Source material -
BEGIN

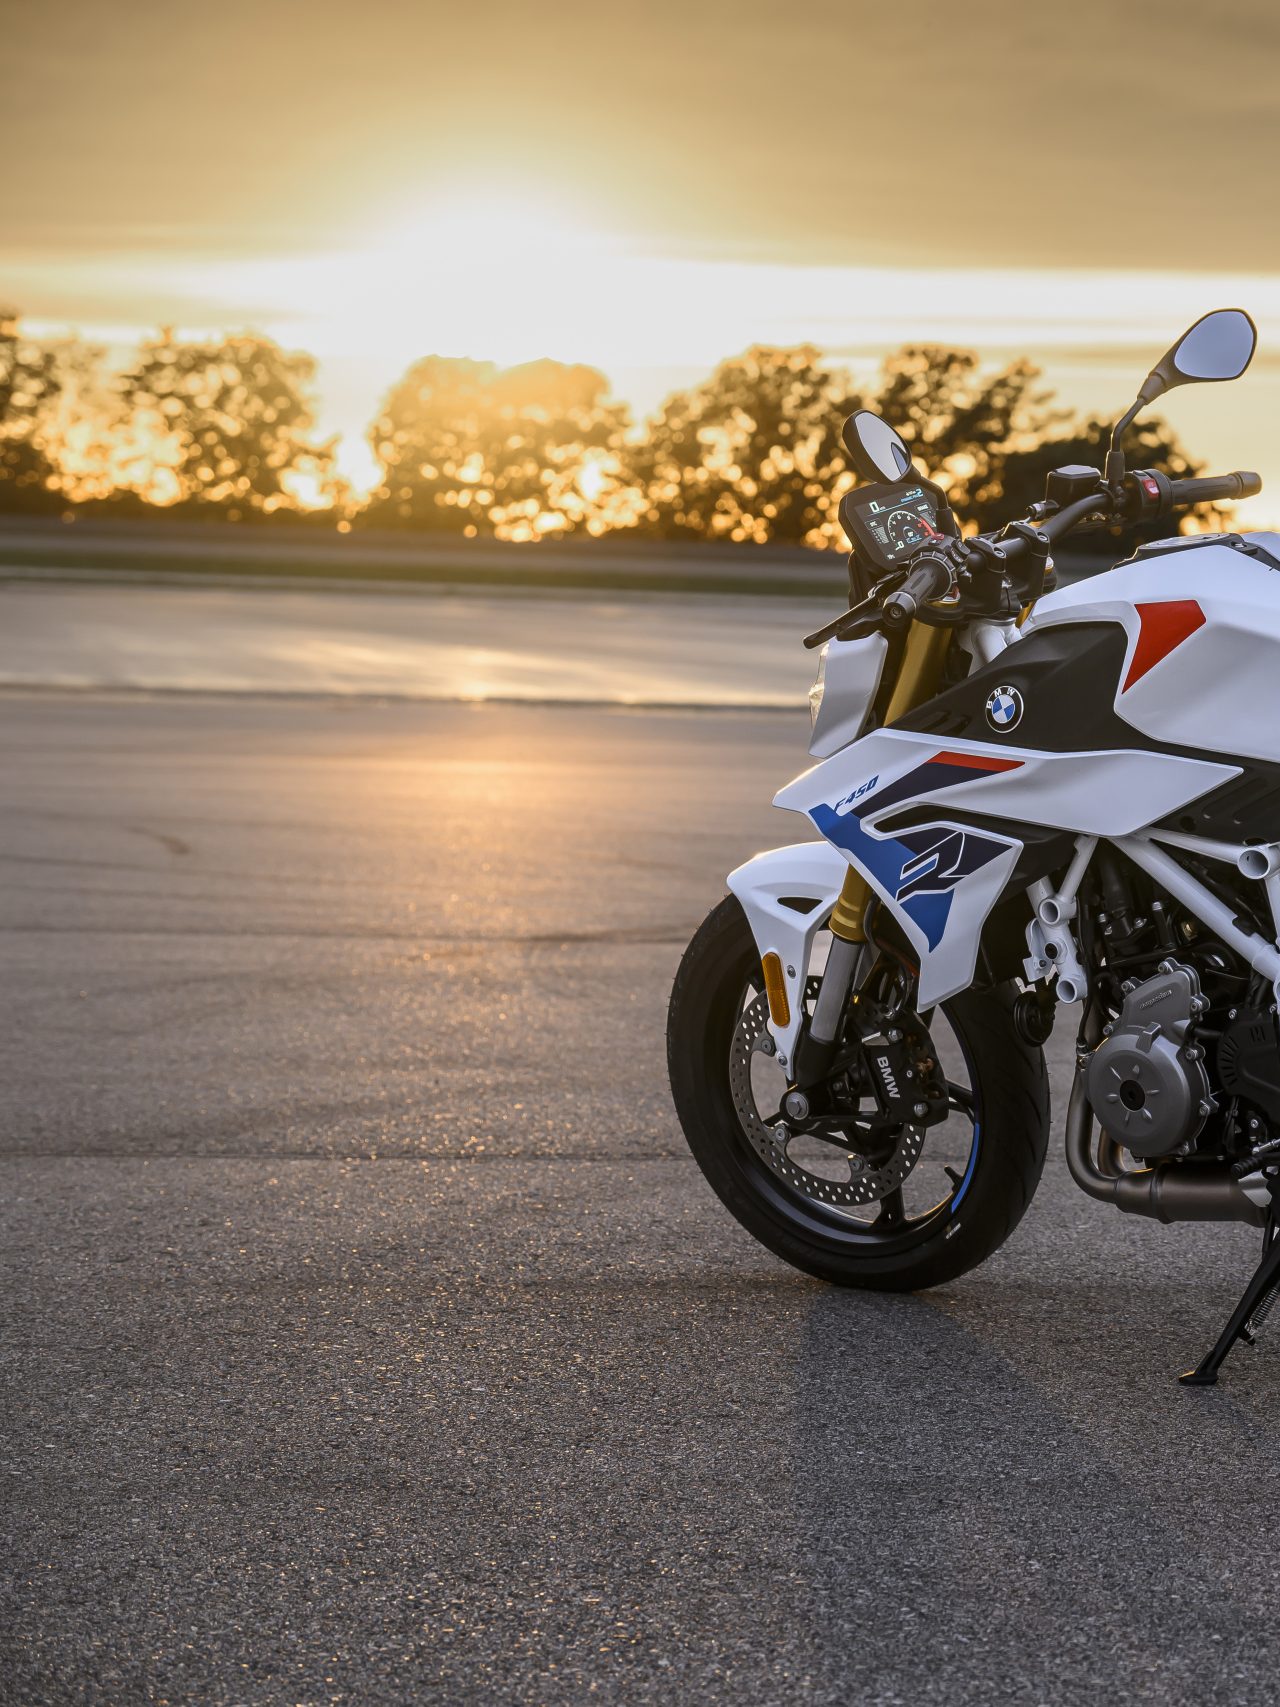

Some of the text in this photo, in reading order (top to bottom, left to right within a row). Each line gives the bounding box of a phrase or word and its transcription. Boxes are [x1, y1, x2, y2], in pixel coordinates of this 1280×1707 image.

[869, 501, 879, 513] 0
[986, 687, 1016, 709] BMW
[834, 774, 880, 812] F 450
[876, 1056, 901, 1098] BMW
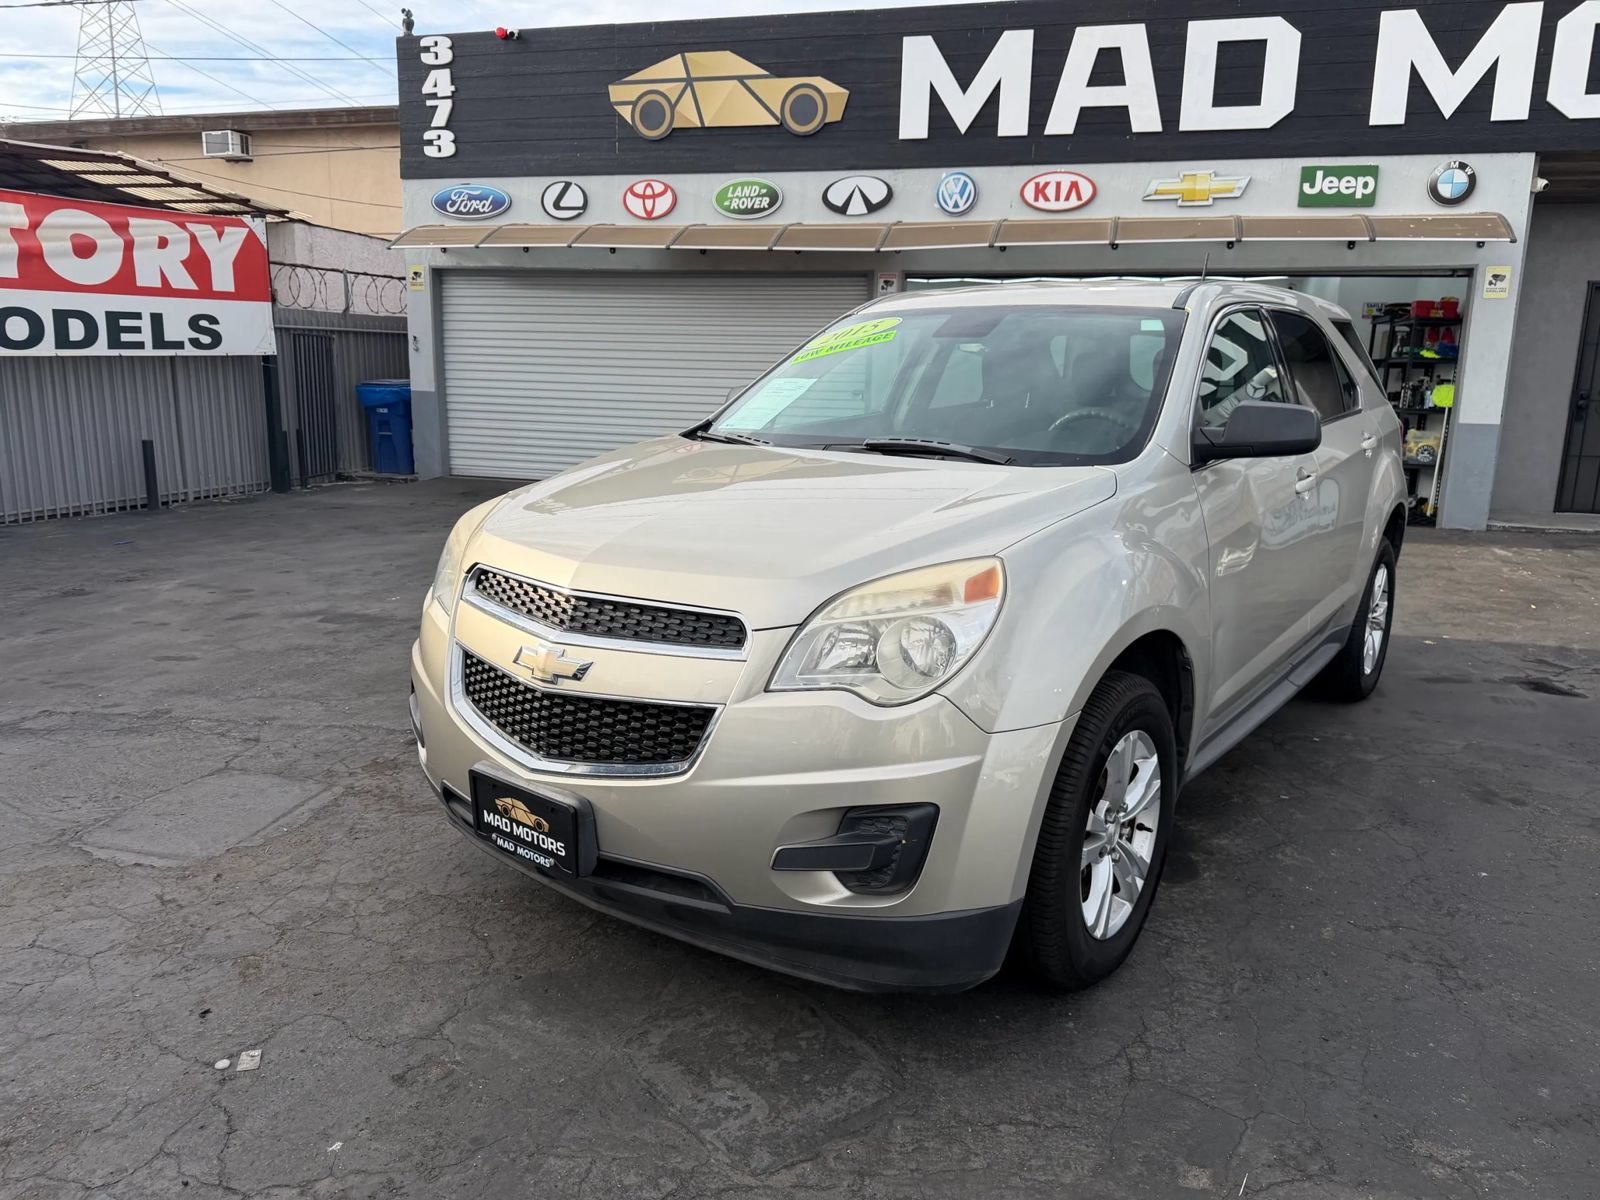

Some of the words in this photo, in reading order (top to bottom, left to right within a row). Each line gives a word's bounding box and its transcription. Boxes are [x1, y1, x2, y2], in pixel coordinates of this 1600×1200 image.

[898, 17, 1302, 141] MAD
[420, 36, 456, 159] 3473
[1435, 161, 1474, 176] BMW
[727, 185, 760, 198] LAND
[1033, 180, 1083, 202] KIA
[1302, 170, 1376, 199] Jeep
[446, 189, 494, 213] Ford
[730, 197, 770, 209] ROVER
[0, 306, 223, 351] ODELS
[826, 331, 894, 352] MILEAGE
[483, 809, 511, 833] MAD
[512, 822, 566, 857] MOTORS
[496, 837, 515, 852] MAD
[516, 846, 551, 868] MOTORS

END

What needs to be done - Copy exactly the lines of the listing above, beginning at the line with "Some of the words" and ending at its final line; write out nothing else.

Exercise result -
Some of the words in this photo, in reading order (top to bottom, left to right within a row). Each line gives a word's bounding box and its transcription. Boxes are [x1, y1, x2, y2], in pixel coordinates of this 1600×1200 image.

[898, 17, 1302, 141] MAD
[420, 36, 456, 159] 3473
[1435, 161, 1474, 176] BMW
[727, 185, 760, 198] LAND
[1033, 180, 1083, 202] KIA
[1302, 170, 1376, 199] Jeep
[446, 189, 494, 213] Ford
[730, 197, 770, 209] ROVER
[0, 306, 223, 351] ODELS
[826, 331, 894, 352] MILEAGE
[483, 809, 511, 833] MAD
[512, 822, 566, 857] MOTORS
[496, 837, 515, 852] MAD
[516, 846, 551, 868] MOTORS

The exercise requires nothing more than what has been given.